▶ Exercise description: Produce a verbatim transcription of the entries, with all pictures omitted.

▶ Material supplied:

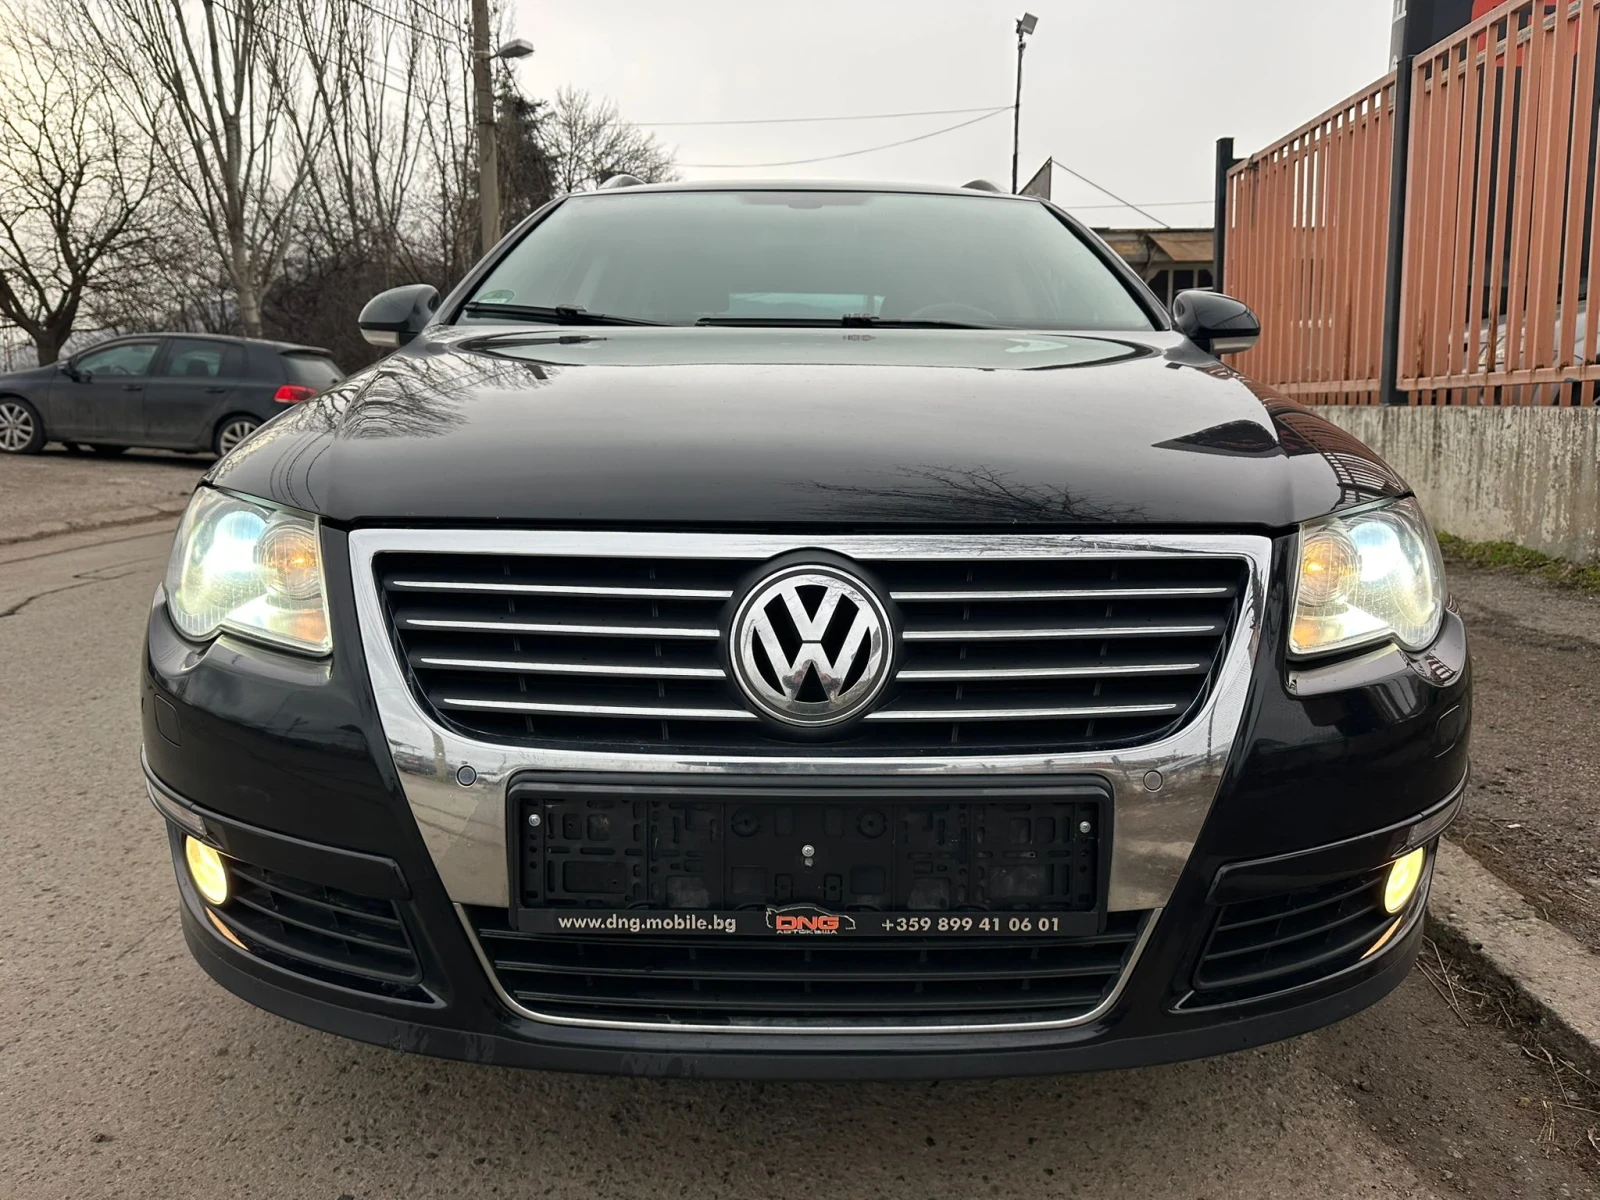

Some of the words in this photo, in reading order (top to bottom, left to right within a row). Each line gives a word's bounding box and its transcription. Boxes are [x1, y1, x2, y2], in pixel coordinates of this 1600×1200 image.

[558, 914, 736, 933] www.dng.mobile.bg
[776, 915, 840, 930] DNG
[881, 918, 931, 932] +359
[937, 917, 973, 932] 899
[978, 917, 1000, 932] 41
[1008, 917, 1032, 932] 06
[1038, 917, 1059, 932] 01
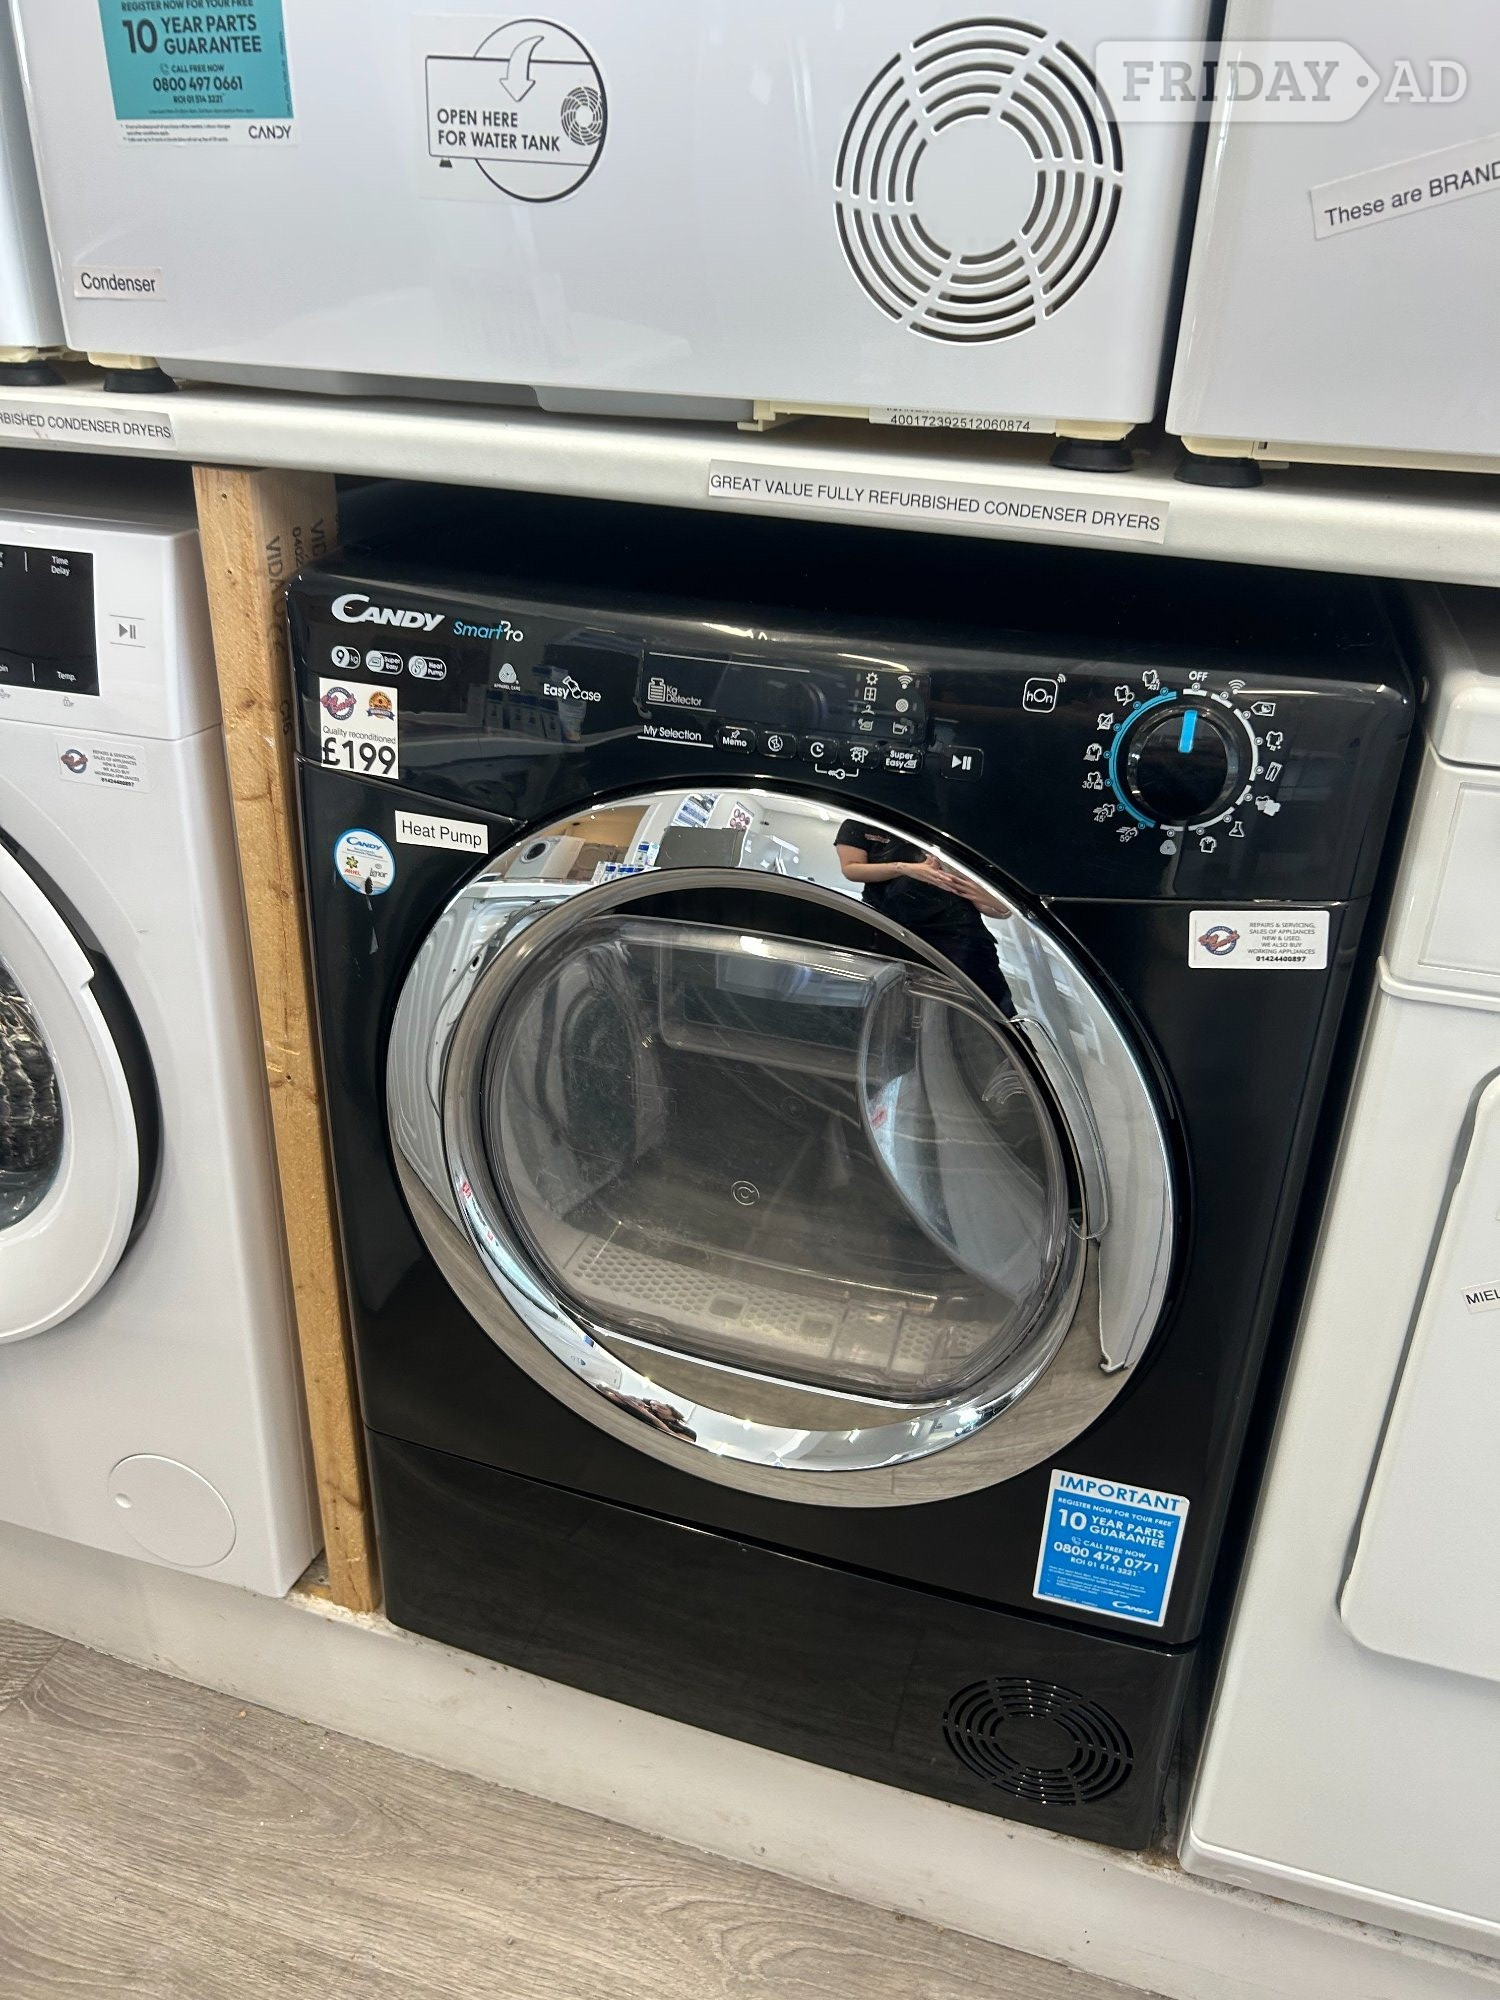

▶ Task solution:
Some of the words in this photo, in reading order (top to bottom, left to right within a row). Each line gives a word's bounding box and its transcription. Boxes are [x1, y1, x2, y2], in pixel coordinates of this 1600×1200 image.

[558, 914, 736, 933] www.dng.mobile.bg
[776, 915, 840, 930] DNG
[881, 918, 931, 932] +359
[937, 917, 973, 932] 899
[978, 917, 1000, 932] 41
[1008, 917, 1032, 932] 06
[1038, 917, 1059, 932] 01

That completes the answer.